A su salida de la audiencia en la Oficina Judicial de Atención Permanente, donde se impusieron medidas de coerción contra los once agentes implicados, Camacho reafirmó el compromiso del órgano persecutor con la búsqueda de justicia. “Nos hemos comprometido y ya investigamos y procesamos estos hechos que produjeron cinco muertes. Es necesario que se haga justicia”, expresó.
El magistrado destacó que el tribunal reconoció la gravedad del caso al dictar las medidas, y advirtió que sucesos de esta naturaleza no deben ser normalizados en la sociedad dominicana. “Aunque hechos similares se han producido en otras ocasiones, no deben convertirse en costumbre.
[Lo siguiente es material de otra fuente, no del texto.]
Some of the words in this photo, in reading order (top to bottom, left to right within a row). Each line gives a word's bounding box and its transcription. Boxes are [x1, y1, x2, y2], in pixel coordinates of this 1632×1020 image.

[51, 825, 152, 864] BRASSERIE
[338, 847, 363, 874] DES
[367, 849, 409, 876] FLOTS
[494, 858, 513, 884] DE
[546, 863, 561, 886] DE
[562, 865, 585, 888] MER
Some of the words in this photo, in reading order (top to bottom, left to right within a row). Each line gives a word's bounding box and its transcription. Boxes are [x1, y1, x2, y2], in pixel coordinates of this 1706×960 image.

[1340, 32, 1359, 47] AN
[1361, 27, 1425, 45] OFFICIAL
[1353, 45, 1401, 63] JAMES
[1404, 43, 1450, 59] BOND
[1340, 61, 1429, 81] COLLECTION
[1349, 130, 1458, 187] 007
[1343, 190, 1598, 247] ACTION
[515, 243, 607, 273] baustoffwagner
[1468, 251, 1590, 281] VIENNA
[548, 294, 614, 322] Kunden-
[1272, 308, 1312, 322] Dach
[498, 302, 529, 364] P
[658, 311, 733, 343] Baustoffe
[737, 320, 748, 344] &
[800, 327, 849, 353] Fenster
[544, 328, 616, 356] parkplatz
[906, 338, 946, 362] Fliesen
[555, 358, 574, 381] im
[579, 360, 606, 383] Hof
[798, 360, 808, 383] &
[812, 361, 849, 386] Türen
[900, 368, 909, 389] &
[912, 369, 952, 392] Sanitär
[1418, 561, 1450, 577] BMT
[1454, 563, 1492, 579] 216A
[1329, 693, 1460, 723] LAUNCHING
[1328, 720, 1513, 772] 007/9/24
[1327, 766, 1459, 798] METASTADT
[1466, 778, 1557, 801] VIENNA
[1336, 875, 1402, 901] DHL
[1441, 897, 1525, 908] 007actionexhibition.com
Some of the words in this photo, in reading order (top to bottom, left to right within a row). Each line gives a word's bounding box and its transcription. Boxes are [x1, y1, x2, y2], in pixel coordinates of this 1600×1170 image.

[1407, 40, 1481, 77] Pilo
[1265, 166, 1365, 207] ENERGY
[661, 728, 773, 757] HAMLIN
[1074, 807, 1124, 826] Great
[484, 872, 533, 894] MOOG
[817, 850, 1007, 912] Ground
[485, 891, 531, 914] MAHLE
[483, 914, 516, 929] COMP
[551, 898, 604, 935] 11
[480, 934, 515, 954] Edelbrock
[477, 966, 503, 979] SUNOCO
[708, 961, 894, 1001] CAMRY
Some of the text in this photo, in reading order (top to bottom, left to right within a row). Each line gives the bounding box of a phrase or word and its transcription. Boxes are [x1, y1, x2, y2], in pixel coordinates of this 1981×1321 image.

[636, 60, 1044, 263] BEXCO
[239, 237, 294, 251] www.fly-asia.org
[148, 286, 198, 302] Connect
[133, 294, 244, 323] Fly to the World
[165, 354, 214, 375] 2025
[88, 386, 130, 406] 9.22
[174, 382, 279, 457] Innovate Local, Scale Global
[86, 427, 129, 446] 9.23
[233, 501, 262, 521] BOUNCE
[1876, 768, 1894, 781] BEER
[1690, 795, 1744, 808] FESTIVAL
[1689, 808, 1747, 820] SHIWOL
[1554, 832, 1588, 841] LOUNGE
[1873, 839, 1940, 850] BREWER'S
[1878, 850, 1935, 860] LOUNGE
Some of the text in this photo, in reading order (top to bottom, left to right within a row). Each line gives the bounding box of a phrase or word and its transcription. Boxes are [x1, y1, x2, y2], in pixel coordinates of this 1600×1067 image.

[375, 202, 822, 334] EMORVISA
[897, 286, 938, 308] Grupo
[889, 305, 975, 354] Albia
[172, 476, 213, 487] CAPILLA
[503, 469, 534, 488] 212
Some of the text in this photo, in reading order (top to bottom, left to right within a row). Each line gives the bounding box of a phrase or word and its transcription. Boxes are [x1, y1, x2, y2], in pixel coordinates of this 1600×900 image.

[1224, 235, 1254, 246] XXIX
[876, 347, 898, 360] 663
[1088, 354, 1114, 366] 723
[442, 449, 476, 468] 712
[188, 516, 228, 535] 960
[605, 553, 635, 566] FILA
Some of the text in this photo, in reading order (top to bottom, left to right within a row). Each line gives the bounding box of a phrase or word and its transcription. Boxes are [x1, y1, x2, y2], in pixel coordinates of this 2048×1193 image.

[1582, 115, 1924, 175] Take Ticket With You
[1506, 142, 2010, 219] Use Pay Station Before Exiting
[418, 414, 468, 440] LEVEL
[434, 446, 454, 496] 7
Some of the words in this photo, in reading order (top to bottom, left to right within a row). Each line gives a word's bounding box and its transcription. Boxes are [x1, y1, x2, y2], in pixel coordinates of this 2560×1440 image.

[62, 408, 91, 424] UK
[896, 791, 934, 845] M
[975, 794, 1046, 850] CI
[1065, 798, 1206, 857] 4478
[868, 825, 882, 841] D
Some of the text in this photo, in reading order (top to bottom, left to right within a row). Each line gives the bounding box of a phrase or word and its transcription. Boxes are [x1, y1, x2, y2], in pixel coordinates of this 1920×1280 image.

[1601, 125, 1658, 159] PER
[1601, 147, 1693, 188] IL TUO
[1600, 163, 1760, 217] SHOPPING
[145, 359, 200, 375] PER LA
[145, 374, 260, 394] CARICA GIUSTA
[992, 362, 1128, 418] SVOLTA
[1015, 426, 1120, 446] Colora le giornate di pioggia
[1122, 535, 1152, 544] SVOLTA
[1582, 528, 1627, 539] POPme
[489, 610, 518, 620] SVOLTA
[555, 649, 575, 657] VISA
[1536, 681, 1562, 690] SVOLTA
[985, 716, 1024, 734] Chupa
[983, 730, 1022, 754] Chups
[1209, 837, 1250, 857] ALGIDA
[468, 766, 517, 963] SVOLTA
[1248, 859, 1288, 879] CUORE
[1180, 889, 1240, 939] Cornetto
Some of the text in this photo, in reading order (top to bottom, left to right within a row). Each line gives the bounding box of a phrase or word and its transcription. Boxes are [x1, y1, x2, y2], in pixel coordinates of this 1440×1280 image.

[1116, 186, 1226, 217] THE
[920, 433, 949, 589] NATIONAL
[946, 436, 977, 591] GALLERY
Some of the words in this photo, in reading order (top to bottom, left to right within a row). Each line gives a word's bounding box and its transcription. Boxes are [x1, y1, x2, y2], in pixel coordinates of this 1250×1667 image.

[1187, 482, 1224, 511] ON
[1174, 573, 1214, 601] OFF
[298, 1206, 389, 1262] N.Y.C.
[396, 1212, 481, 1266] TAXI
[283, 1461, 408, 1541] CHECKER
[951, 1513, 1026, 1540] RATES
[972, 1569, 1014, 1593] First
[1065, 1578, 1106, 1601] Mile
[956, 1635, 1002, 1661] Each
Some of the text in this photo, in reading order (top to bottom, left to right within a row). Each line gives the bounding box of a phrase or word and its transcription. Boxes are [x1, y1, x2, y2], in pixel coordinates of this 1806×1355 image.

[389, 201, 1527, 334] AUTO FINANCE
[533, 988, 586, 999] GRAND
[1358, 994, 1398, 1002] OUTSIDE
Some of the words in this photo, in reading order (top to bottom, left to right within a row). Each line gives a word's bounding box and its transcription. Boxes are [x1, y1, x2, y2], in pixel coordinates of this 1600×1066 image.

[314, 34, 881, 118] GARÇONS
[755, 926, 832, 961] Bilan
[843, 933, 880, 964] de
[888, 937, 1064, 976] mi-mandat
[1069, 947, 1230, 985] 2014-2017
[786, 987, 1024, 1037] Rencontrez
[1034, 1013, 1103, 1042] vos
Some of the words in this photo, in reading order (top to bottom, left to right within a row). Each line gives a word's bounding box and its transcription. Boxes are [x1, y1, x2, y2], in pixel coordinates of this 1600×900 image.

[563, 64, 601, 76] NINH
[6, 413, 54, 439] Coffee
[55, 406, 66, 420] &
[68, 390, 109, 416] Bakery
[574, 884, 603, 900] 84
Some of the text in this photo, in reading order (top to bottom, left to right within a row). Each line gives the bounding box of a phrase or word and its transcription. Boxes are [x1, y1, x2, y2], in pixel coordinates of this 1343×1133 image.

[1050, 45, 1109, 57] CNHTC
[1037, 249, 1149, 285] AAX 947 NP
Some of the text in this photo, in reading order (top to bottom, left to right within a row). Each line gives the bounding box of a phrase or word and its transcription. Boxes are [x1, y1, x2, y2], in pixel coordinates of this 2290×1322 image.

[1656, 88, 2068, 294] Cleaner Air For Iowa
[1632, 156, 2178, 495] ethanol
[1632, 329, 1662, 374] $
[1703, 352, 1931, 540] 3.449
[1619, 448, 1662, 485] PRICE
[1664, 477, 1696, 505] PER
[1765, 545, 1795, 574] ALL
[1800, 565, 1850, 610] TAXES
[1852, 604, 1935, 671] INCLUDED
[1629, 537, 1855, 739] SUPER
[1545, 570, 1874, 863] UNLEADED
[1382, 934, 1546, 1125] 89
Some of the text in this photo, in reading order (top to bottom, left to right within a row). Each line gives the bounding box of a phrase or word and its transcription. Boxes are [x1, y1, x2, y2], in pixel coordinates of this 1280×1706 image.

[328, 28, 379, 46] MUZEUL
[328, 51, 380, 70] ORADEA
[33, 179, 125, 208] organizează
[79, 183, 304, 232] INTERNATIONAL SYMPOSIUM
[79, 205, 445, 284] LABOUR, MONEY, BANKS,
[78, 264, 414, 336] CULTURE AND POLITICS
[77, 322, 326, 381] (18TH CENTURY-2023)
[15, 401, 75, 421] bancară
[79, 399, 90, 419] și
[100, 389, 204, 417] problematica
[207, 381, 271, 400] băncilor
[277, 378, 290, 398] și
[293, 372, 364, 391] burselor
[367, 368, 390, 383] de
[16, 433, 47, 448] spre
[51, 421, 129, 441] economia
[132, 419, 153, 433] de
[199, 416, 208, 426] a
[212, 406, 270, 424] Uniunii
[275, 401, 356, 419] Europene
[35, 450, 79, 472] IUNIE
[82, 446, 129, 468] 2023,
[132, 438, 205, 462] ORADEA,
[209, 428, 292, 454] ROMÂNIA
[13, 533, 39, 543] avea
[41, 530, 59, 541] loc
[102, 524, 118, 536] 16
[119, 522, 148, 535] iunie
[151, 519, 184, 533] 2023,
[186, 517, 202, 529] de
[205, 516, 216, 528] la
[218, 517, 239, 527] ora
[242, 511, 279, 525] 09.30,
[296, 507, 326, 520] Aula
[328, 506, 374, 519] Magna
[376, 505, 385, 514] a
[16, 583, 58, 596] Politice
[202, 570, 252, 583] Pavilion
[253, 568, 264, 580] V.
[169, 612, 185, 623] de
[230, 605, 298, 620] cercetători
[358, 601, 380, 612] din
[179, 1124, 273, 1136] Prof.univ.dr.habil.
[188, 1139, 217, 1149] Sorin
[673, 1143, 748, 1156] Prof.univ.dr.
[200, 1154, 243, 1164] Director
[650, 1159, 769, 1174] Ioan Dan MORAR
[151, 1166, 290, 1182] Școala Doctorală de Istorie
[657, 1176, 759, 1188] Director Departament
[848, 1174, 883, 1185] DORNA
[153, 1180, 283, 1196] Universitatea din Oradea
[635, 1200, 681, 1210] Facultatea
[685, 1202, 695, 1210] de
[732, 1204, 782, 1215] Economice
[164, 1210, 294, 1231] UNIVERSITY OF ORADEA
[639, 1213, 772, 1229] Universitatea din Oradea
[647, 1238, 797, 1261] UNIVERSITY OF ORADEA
Es necesario investigarlos a fondo”, enfatizó.
Camacho también informó que se continúa indagando sobre la procedencia de las armas encontradas en el vehículo donde se produjeron los disparos, como parte del proceso de esclarecimiento.
La jueza Yeritza Cabral dictó tres meses de prisión preventiva para cuatro de los agentes, mientras que los siete restantes deberán pagar una garantía económica de un millón de pesos, presentarse periódicamente ante las autoridades y tienen prohibido salir del país.
Según la solicitud de medida de coerción del Ministerio Público, los agentes están acusados de simular un enfrentamiento y alterar evidencias, incluyendo la sustracción de DVR de negocios de la plaza y teléfonos móviles de personas presentes en el lugar.
Las víctimas del hecho fueron identificadas como Elvis Antonio Martínez Rodríguez (Deivito), Julio Alberto Gómez (La Tabla), Carlos Enrique Guzmán Navarro (Charli Chasc), Edward Bernardo Peña Rodríguez y José Vladimir Valerio Estévez.